自分の人生の最期は自分で決める、という選択肢があっても良いのではないか
と橋田さんは訴えています。

人の死の最前線と思われている医療では、命のスイッチを切ることができません。
(現在、スイスは世界で唯一外国人の安楽死を認め、他ヨーロッパ数国、アメリカ4州
では安楽死が合法化されています。
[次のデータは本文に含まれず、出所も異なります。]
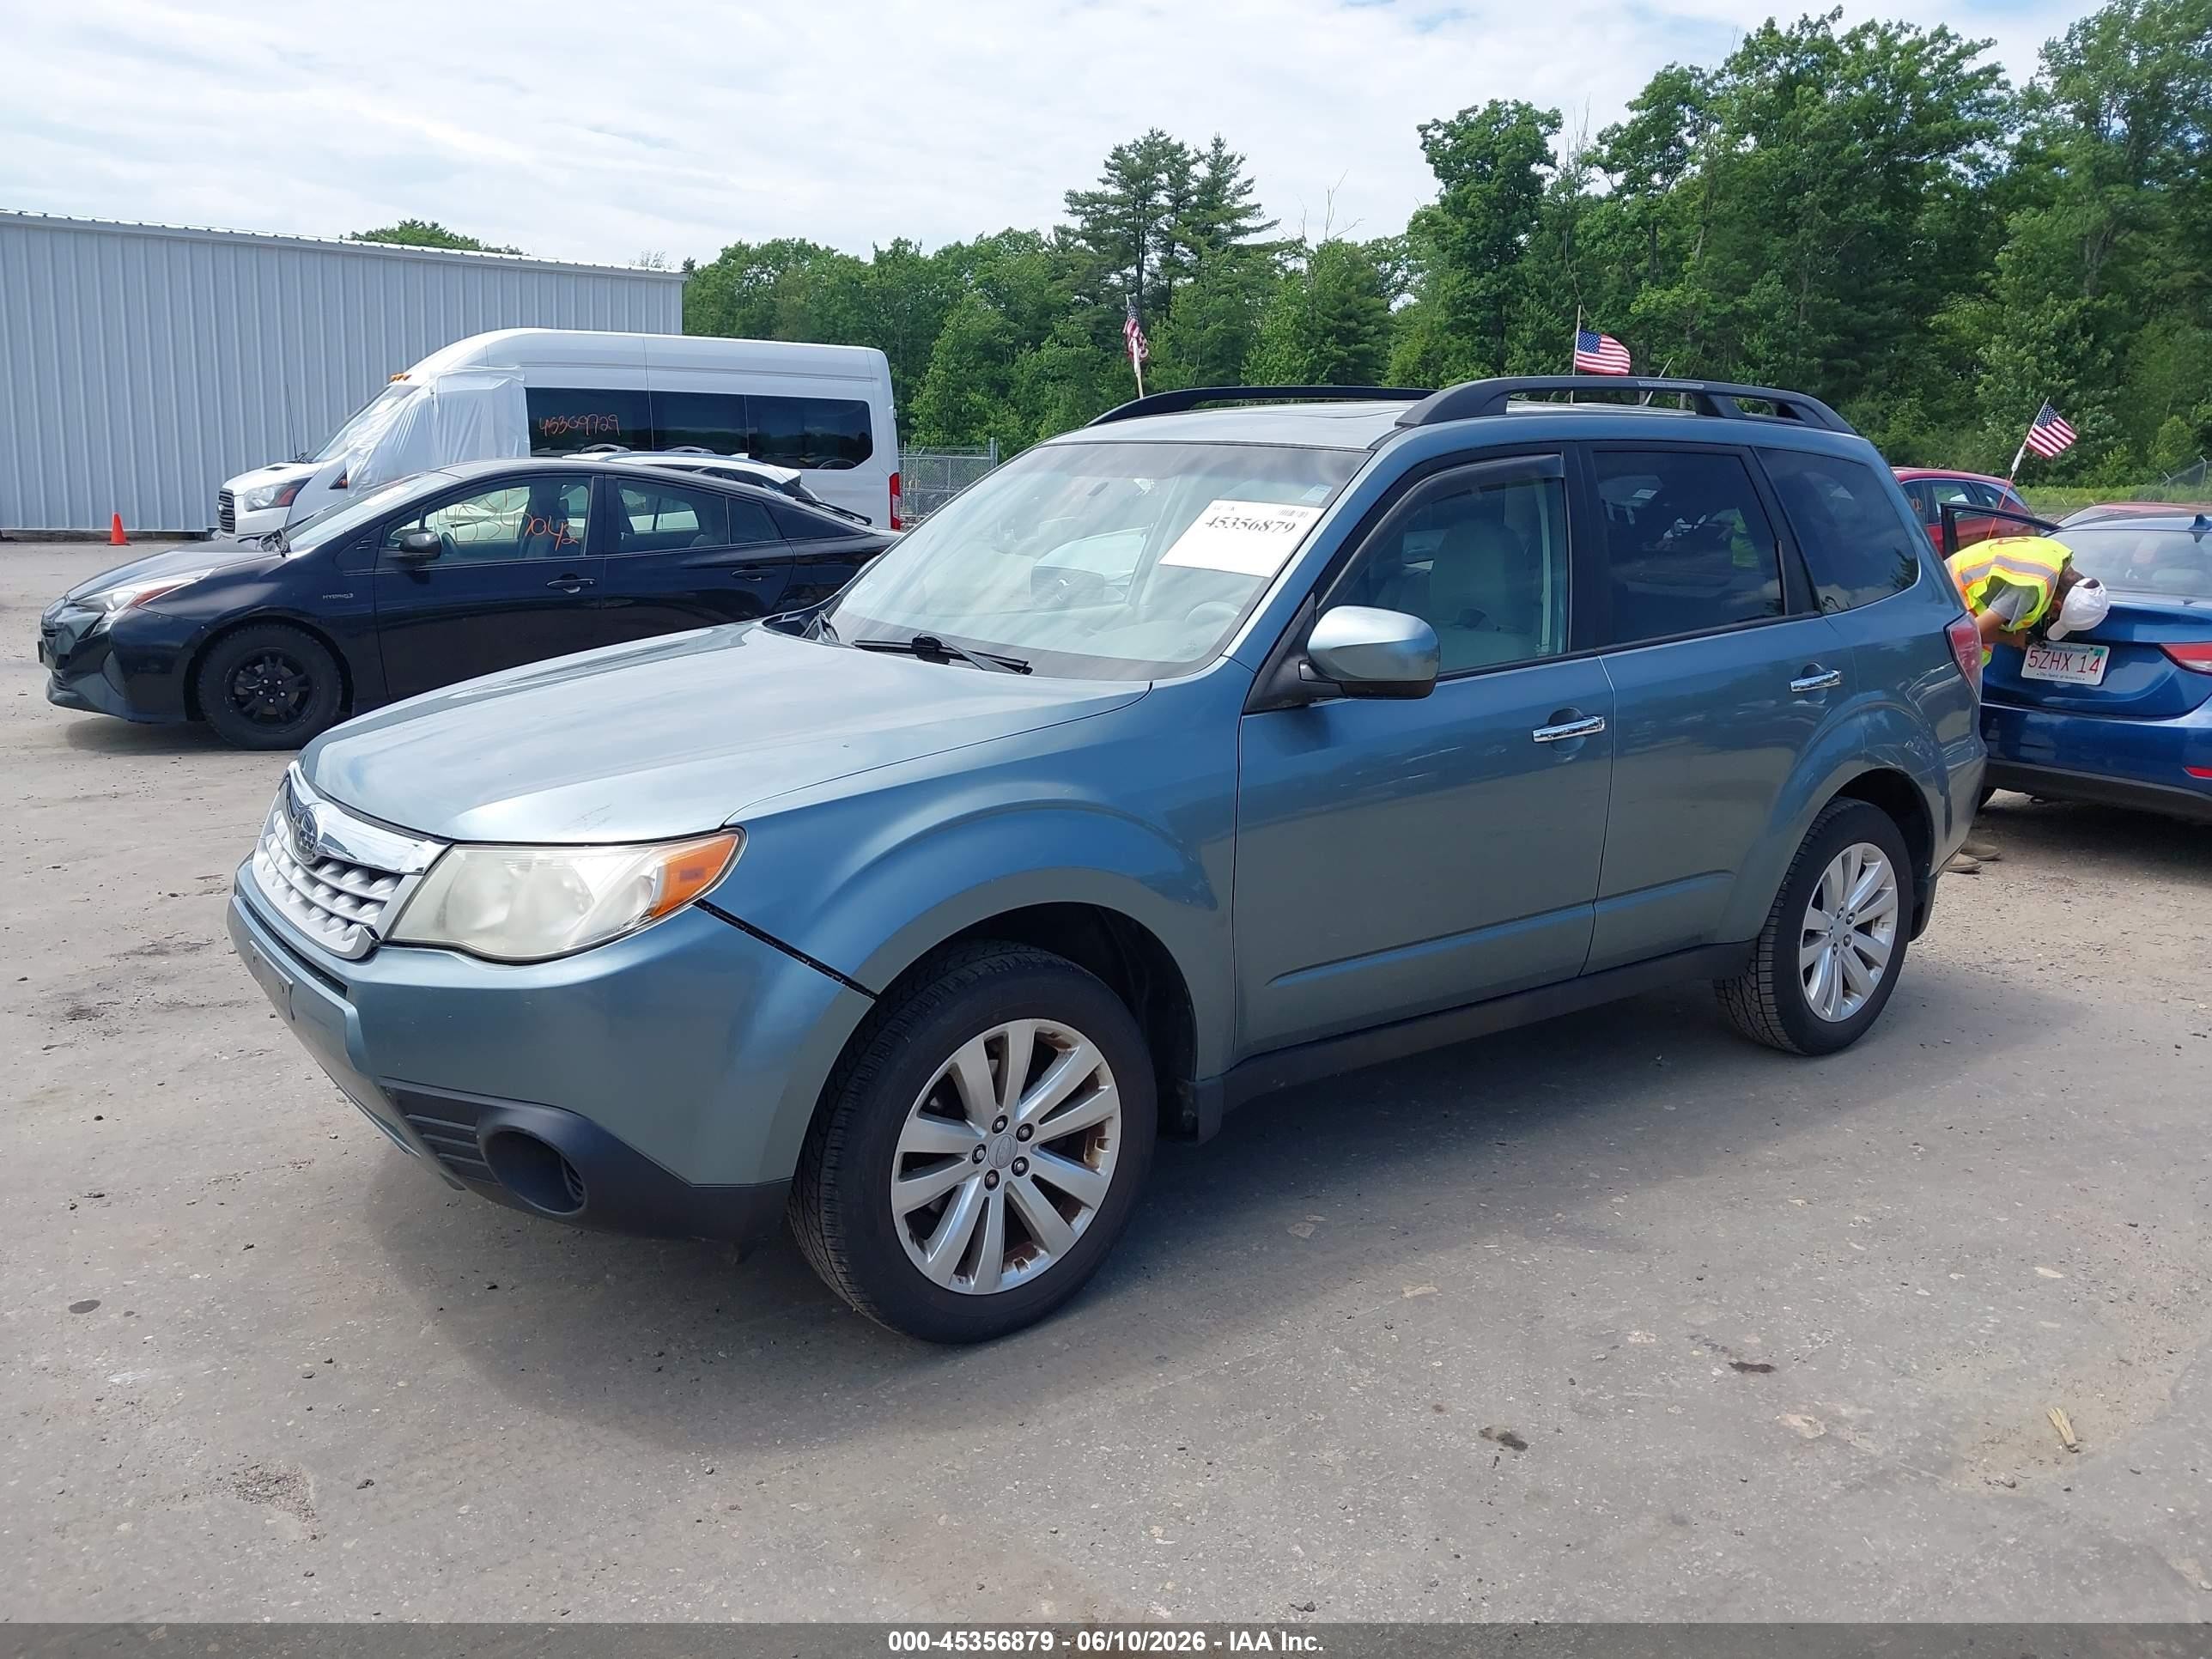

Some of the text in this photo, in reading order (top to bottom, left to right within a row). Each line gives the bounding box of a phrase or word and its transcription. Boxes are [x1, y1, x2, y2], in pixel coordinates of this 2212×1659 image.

)

命ではなく、人を救う医療とは。
という問いかけなのだと思います。

進むべき方向

健康寿命

独りで仕事をしていると、悶々としたり、誰かに相談したくなる問題に遭遇します。

ほとんどの場合、できるだけ自分で考える正解
もしくは正しいと思う方向に導いて暫定的に解決とします。

これが常態化しているので、自分の思考は間違いなく偏っていると感じます。

しかし、人はそもそも自分の意志とは言いながら
誰かや何かによってその内容をコントロールされています。

誰かや何かが、自分の中で信用できるものであれば、簡単に真逆になるかもしれません。

本を読んだり、どうしても必要ならば誰かに教えを乞い
その都度、私の意志は方向を変えながら一定の答えを持ち続けています。 

不具合を訴えてくる方たちは、当然その不具合の解消を求めています。

医療が患者ニーズに応えるサービス業ならば、全ての訴えに沿うことが適切です。

だとすると、医療の提供側と受給側の価値観が合って初めて成立するものです。

尊敬する有森裕子さんが、ランナーの痛みに対するアドバイスの一つに
痛みの原因を自分で考え、医者任せにしないという記事が目に留まりました。

走るという意志には、故障するかもしれないというリスクを含んでいて
それも含めて走ることの責任を負うと理解します。

ランナーに限らず、生きている以上、人間には生きる責任があって
歳を重ねるに従って変化する現状を知り、受け入れる理解が必要です。

痛みやつらさを一時的に解消するのは、一方的な医療で
自分のビジョンがあって初めて医療の需給均衡がとれるのだと思います。

歳をとるのも悪くない

健康寿命

先日、生涯現役を貫かれた日野原重明さんが105歳で亡くなりました。

多くのメディアが訃報を取り上げました。

今日、日本の100歳以上高齢者は6万人を超え、珍しくなくなっていますが
生涯現役を全うし、医師の立場から生きることについて訴え続けてきた様は
100歳を超えた高齢者らしからぬパワーでした。

日野原さんの生き方は、今後超高齢化を迎える社会にとって
間違いなくお手本になるし、そうすべきだと思います。

置かれる立場は違っても、長くかつ健康で生きることのコツはあると思います。

それは、長寿を分析した結果とか、科学の裏付けではなくて
生きているヒトそのものという、まさに生き字引にほかなりません。

100歳超え、生涯現役以外にも日野原さんが讃えられることは多く
根底にある謙虚な人間性が、全ての言動に共感できるのだと思いました。

日野原さんの生き方を見ていると、歳をとるのも悪くないと少し思えます。

1キロの重み

健康寿命

'64東京オリンピックの日本代表だった選手などを対象に
その後の体力が加齢によりどう推移するかを日体協などが追跡調査しているそうです。

筋力は同年代と比べて優れているようですが
平衡性は逆に劣っているそうです。

継続は確かに力になりますが、ある一部に特化した継続は
それ以外の衰退を招きかねず、加齢はそれに拍車をかけるのだということでしょう。

筋力をとっても、日々全身的な運動、または局所を日替わりで動かさなければ
日常生活における自立はだんだん困難になっていきます。

足腰に不具合を自覚していない年齢、体力の方々は
想像すらしない、またはできないと思いますが、自覚し、それへの対策を講じていても
現状では、死ぬまで自分の脚で移動し日常を送ることはほぼできません。

全身のうち約70%は脚の筋肉です。
自分の体重を支え移動するには脚と臀部(おしり)の筋肉が必須です。

大腿四頭筋(ふとももの前)の筋肉量は男女とも60歳になると
20歳の時のおよそ2/3に減少します。

量が減り、弾力を失うと関節負荷が増します。
変形性関節症はその象徴と言えます。

そして、保存的に経過を見る場合、口をそろえて体重減少に言及します。

仮に20歳時の体重が60歳で維持できたとしても、筋肉量が減少していれば
相対的に関節負荷は増し、脚は移動手段として機能しなくなります。

1キロの体重増加は年齢を重ねるに従い、死活問題となります。

多くの方法論の存在下では、決定的な方法はないことが殆どだと感じますが
変形性関節症における体重減少は全ての医師、療法士が認め
症状の軽減、悪化防止に寄与することは間違いありません。

全身的なバランス良い運動習慣と体重管理は、加齢による体力維持
健康のための基礎を担い長期の自立を促すものであると言えます。